Saturday, May 4, 2013

GERMAN SCULPTURE

Barlach with my favorite piece

Before I entered the monastery, I lived in Germany, starting in Koln and moving to the Black Forest, where I studied wood carving. Living in Koln in the late 60s was exciting art-wise as there was so much being restored from the massive bombings of WW II.  It seemed there was a church on every corner and one of my favorites to visit was the medieval Antoniterkirche.
Angel in Antoniter Kirche


The church served as a monastery of the Antoniter Order from the 14th century until 1802 when it was closed and remanded to the Evangelicals. The church became Cologne's first Protestant place of worship when it was again opened in 1805. In this famous church hangs an amazing sculpture by one of my favorite German artists ERNST BARLACH (1870-1938). He was a German expressionist sculptor, printmaker and writer.

A trip to Russia in 1906 was one of the greatest influences on him and his artistic style and is reflected in some of my favorite works. The powerful and folk-like design of his sculptures after  reflect the impressions of rugged farm-life and Russian folk art.

Mother & Child (my favorite)

Begging Woman (another favorite)
In WW I he volunteered as a medic, then  was drafted into infantry in December 1915. Only three months later he was discharged due to a heart problem. His participation in the war made him change his thinking and this changed his art. He created haunting monuments in wood and bronze, erected in churches across Germany, warning of the tragic consequences of war.


The essence of Ernst Barlach’s art lay in his ability to express his devotion to and love for his fellow human beings in drawings and sculptures. Marginal figures in society, the needy, the broken, the outcast, remained the focus of his art. In radical opposition to the fascist ideology of “community”, he addressed the existential loneliness of the individual.

While his favorite aspect of man was sufferings of humanity he also saw a lighter side as the singing man and laughing old woman.
Singing Man

Old Woman Laughing

Ernst Barlach’s work was an outcry of the oppressed yet his depictions also transported the spirituality and the  humanness of everyday people. He used emphatic gestures and angular poses to convey strong emotion and movement.  "I desire nothing more than to be an artist, after a fashion. It is my belief, that whatever cannot be expressed in words, can be passed on to another by means of forms.”

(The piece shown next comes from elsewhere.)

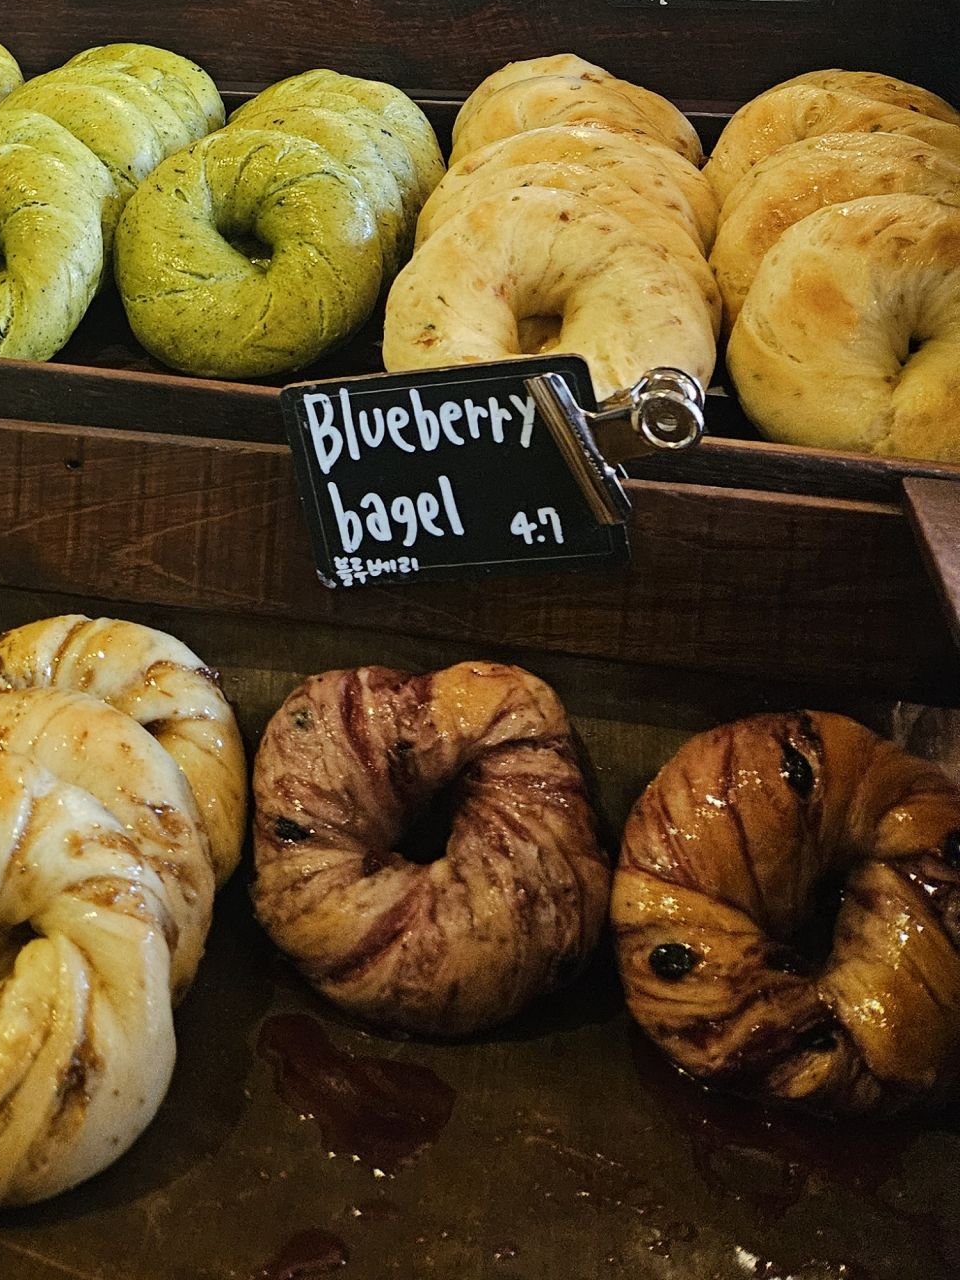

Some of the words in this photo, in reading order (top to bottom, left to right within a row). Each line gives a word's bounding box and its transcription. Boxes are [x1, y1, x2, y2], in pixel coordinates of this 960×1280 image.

[303, 388, 537, 475] Blueberry
[327, 475, 464, 554] bagel
[510, 507, 564, 545] 4.7
[333, 555, 420, 587] 블루베리

Obviously, such art created many conflicts during the rise of the Nazi Party, when most of his works were confiscated as degenerate art. You can be sure that anything banned by the Nazis, was real art!

In 1936, when Barlach's works were confiscated during an exhibition together with the works of  KATHE KOLLWITZ (Blog to follow). Barlach himself was prohibited from working as a sculptor, and his membership in the art academies was canceled. This rejection is reflected in his final works before his death from heart failure in 1938 in Rostock, Mecklenburg.


Monks Reading

What drew me to him was his ability to show contrast between spirit and body, between heaviness and lightness, between attachment to the earth and spirituality. My father, who himself was an artist/architect, could never understand my love for this "ultra- modern" artist. For me the depth of his sufferings are so easily conveyed in his works.

The Holy Family
Monk Reading

Today, Ernst Barlach is known as one of the most important sculptors of Classical Modernism.